▸ **Work request**
Exactly as they stand, the data below are to be printed again.

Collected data
####

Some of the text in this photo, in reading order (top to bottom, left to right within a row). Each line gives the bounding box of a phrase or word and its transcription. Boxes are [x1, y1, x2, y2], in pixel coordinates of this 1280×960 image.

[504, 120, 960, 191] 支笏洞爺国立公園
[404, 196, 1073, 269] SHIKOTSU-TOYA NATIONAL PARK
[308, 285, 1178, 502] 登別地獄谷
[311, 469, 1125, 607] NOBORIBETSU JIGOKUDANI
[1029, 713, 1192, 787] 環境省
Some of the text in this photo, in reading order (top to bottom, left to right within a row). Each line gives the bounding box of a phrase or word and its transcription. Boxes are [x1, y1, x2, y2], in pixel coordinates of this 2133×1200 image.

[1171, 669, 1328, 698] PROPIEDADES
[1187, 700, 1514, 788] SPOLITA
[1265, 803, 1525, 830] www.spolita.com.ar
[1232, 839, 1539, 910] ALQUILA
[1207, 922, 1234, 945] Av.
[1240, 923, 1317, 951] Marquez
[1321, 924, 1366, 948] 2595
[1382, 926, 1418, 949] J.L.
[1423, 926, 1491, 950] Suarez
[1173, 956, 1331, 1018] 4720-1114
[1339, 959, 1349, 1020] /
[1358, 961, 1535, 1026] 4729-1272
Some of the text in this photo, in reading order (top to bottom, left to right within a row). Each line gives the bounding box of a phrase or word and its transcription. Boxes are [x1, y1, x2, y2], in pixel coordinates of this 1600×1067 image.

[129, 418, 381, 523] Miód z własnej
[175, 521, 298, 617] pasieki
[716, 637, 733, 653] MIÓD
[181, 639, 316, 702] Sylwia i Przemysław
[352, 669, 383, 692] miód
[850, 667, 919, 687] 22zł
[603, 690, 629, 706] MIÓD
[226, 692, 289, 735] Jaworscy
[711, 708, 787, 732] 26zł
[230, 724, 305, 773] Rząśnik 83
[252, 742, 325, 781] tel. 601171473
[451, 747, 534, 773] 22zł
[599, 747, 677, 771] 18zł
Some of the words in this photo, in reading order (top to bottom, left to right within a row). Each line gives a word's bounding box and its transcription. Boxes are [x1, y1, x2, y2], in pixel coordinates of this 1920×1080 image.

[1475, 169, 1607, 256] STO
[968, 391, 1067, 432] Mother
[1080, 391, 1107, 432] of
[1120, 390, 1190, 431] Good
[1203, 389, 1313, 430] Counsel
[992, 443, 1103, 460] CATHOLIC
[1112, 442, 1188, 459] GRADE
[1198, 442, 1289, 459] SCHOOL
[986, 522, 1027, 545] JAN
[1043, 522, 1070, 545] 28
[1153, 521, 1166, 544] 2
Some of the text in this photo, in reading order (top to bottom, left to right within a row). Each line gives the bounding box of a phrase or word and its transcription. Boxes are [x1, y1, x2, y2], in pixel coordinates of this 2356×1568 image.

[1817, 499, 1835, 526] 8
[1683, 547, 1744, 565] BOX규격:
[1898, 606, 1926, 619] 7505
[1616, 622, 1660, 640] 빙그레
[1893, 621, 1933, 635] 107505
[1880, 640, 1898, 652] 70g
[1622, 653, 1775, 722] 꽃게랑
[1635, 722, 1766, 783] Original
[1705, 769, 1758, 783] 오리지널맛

####

▸ **Solution to the problem**
Some of the text in this photo, in reading order (top to bottom, left to right within a row). Each line gives the bounding box of a phrase or word and its transcription. Boxes are [x1, y1, x2, y2], in pixel coordinates of this 1280×960 image.

[504, 120, 960, 191] 支笏洞爺国立公園
[404, 196, 1073, 269] SHIKOTSU-TOYA NATIONAL PARK
[308, 285, 1178, 502] 登別地獄谷
[311, 469, 1125, 607] NOBORIBETSU JIGOKUDANI
[1029, 713, 1192, 787] 環境省
Some of the text in this photo, in reading order (top to bottom, left to right within a row). Each line gives the bounding box of a phrase or word and its transcription. Boxes are [x1, y1, x2, y2], in pixel coordinates of this 2133×1200 image.

[1171, 669, 1328, 698] PROPIEDADES
[1187, 700, 1514, 788] SPOLITA
[1265, 803, 1525, 830] www.spolita.com.ar
[1232, 839, 1539, 910] ALQUILA
[1207, 922, 1234, 945] Av.
[1240, 923, 1317, 951] Marquez
[1321, 924, 1366, 948] 2595
[1382, 926, 1418, 949] J.L.
[1423, 926, 1491, 950] Suarez
[1173, 956, 1331, 1018] 4720-1114
[1339, 959, 1349, 1020] /
[1358, 961, 1535, 1026] 4729-1272
Some of the text in this photo, in reading order (top to bottom, left to right within a row). Each line gives the bounding box of a phrase or word and its transcription. Boxes are [x1, y1, x2, y2], in pixel coordinates of this 1600×1067 image.

[129, 418, 381, 523] Miód z własnej
[175, 521, 298, 617] pasieki
[716, 637, 733, 653] MIÓD
[181, 639, 316, 702] Sylwia i Przemysław
[352, 669, 383, 692] miód
[850, 667, 919, 687] 22zł
[603, 690, 629, 706] MIÓD
[226, 692, 289, 735] Jaworscy
[711, 708, 787, 732] 26zł
[230, 724, 305, 773] Rząśnik 83
[252, 742, 325, 781] tel. 601171473
[451, 747, 534, 773] 22zł
[599, 747, 677, 771] 18zł
Some of the words in this photo, in reading order (top to bottom, left to right within a row). Each line gives a word's bounding box and its transcription. Boxes are [x1, y1, x2, y2], in pixel coordinates of this 1920×1080 image.

[1475, 169, 1607, 256] STO
[968, 391, 1067, 432] Mother
[1080, 391, 1107, 432] of
[1120, 390, 1190, 431] Good
[1203, 389, 1313, 430] Counsel
[992, 443, 1103, 460] CATHOLIC
[1112, 442, 1188, 459] GRADE
[1198, 442, 1289, 459] SCHOOL
[986, 522, 1027, 545] JAN
[1043, 522, 1070, 545] 28
[1153, 521, 1166, 544] 2
Some of the text in this photo, in reading order (top to bottom, left to right within a row). Each line gives the bounding box of a phrase or word and its transcription. Boxes are [x1, y1, x2, y2], in pixel coordinates of this 2356×1568 image.

[1817, 499, 1835, 526] 8
[1683, 547, 1744, 565] BOX규격:
[1898, 606, 1926, 619] 7505
[1616, 622, 1660, 640] 빙그레
[1893, 621, 1933, 635] 107505
[1880, 640, 1898, 652] 70g
[1622, 653, 1775, 722] 꽃게랑
[1635, 722, 1766, 783] Original
[1705, 769, 1758, 783] 오리지널맛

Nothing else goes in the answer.